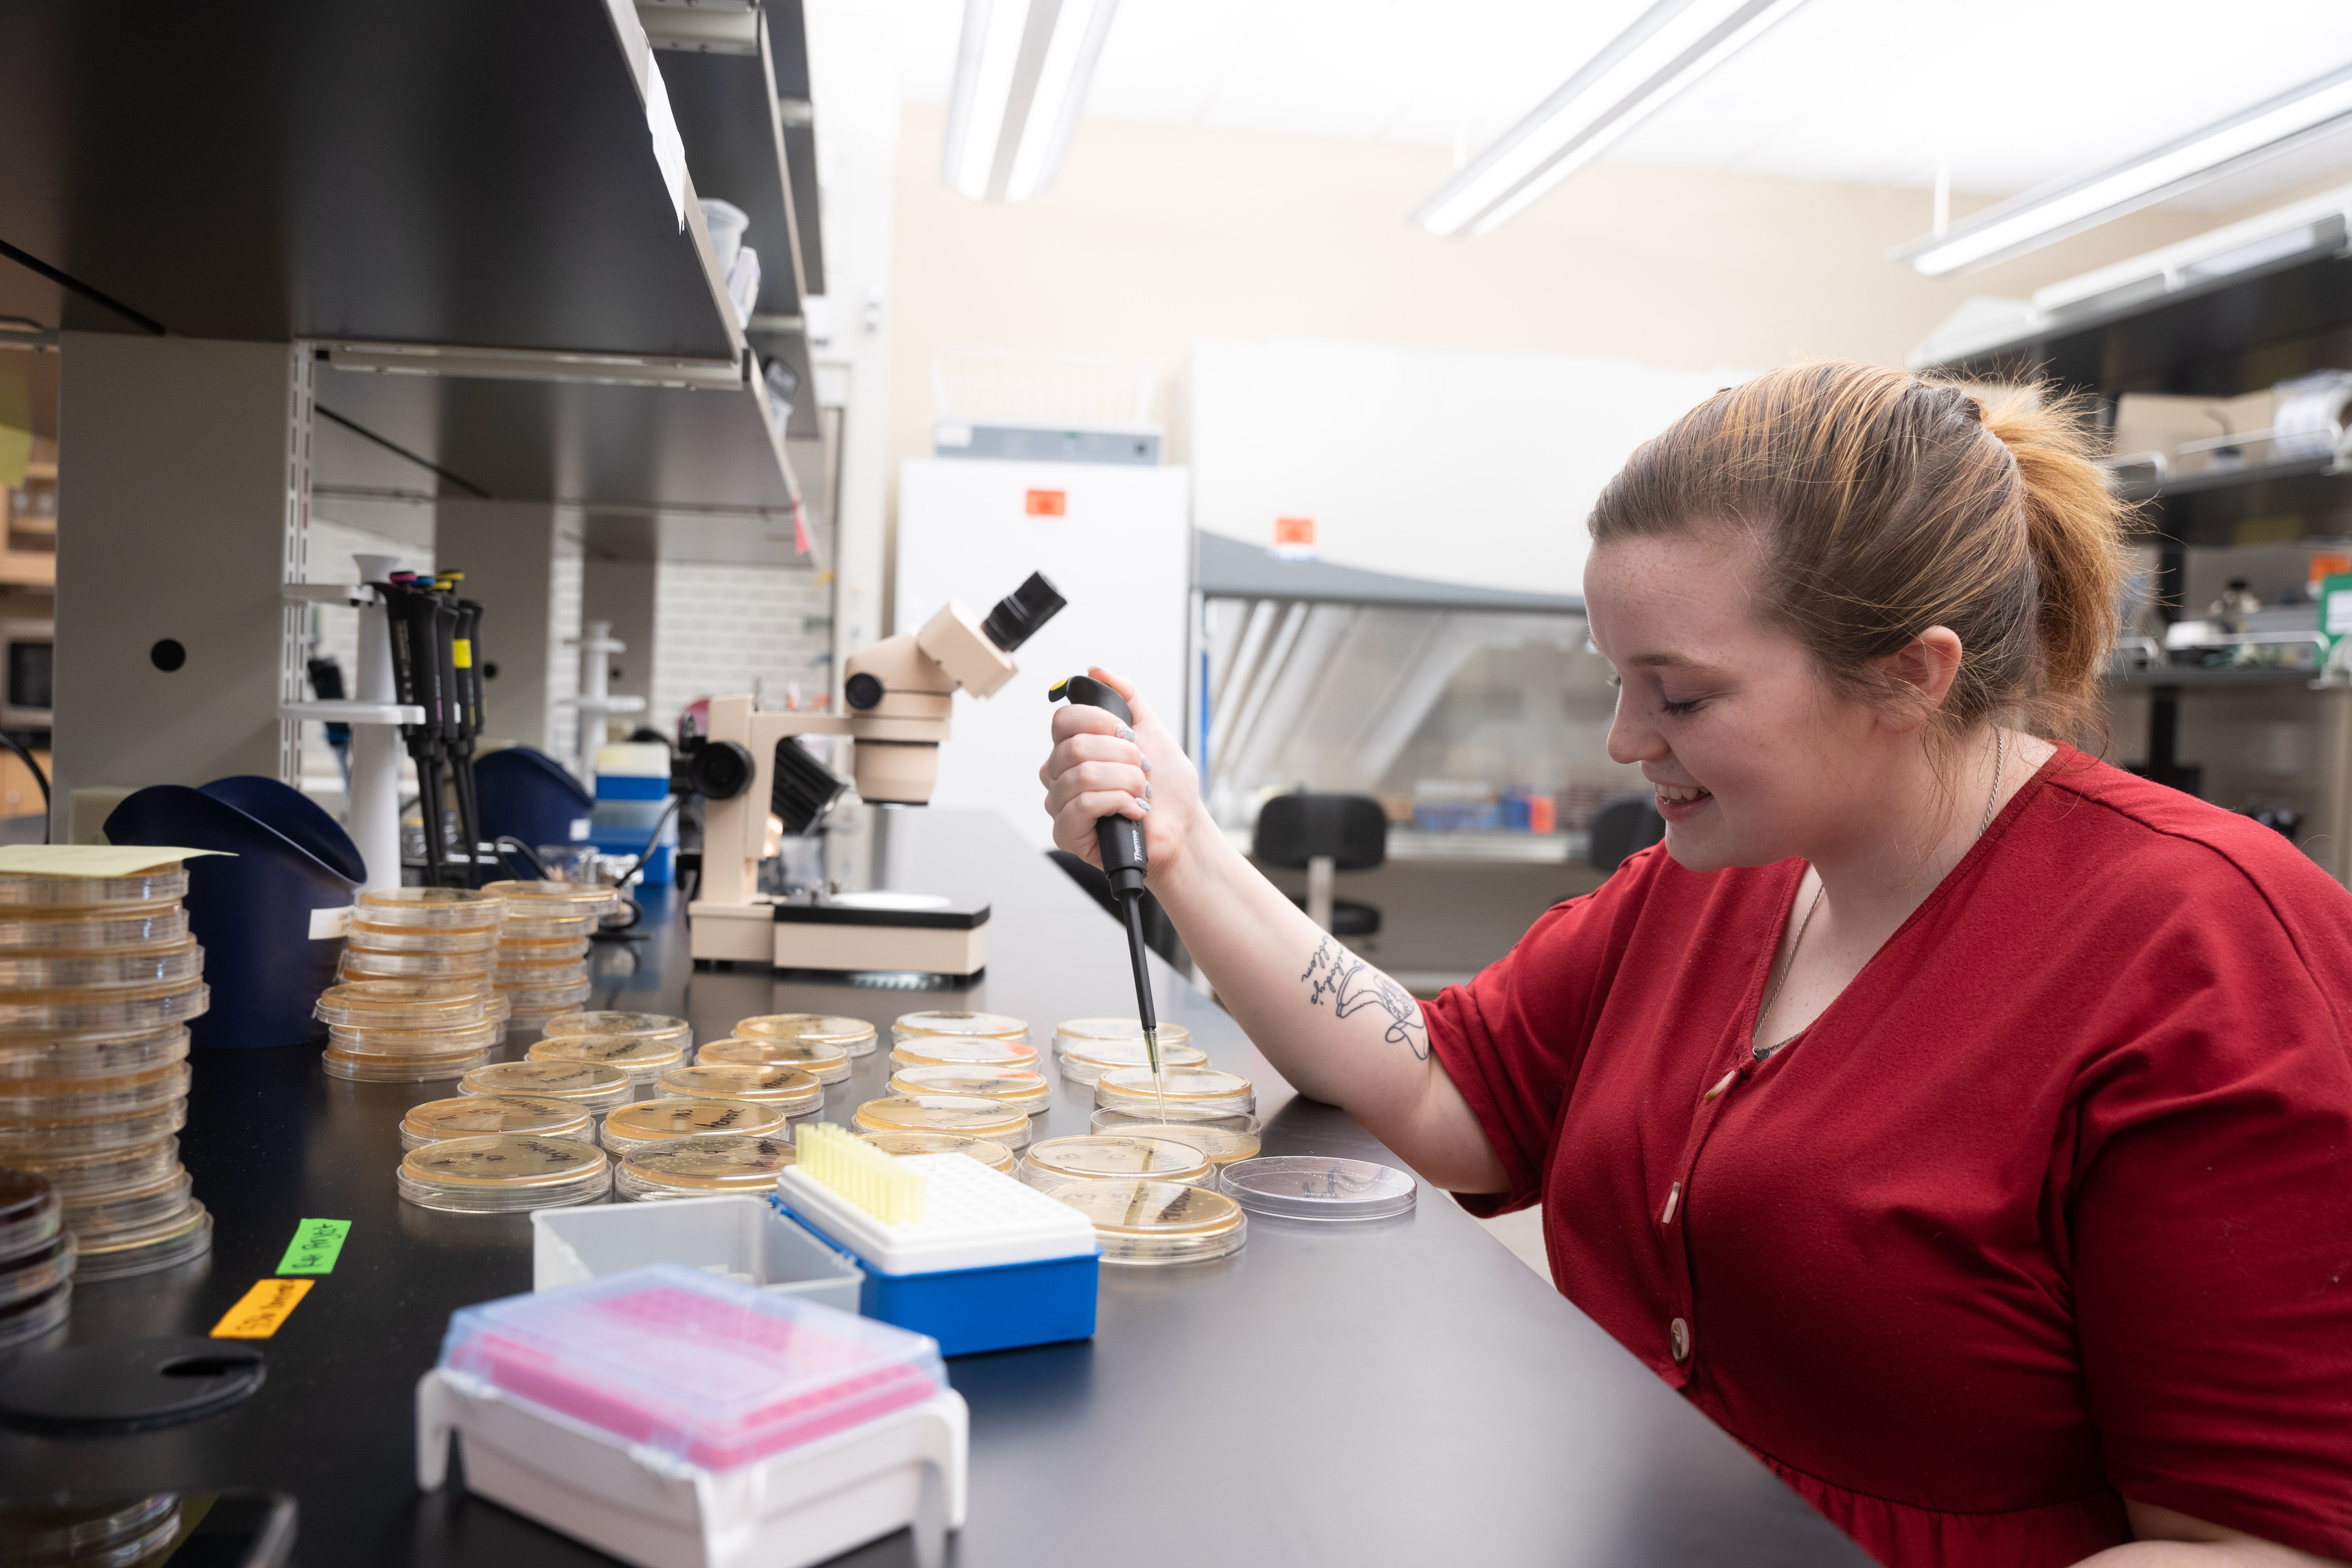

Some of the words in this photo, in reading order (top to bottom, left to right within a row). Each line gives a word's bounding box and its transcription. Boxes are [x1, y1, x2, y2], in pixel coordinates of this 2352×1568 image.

[488, 1096, 565, 1116] Anaerobic
[926, 1106, 1014, 1124] Anaerobic
[693, 1108, 746, 1129] Aerobic
[517, 1141, 579, 1162] Aerobic
[1118, 1139, 1190, 1167] Anaerobic
+-------+
◆ **Task statement**
Give back the whole listing exactly as it stands. Drop every picture.

◆ **Response area**
Some of the words in this photo, in reading order (top to bottom, left to right within a row). Each line gives a word's bounding box and its transcription. Boxes are [x1, y1, x2, y2], in pixel coordinates of this 2352×1568 image.

[488, 1096, 565, 1116] Anaerobic
[926, 1106, 1014, 1124] Anaerobic
[693, 1108, 746, 1129] Aerobic
[517, 1141, 579, 1162] Aerobic
[1118, 1139, 1190, 1167] Anaerobic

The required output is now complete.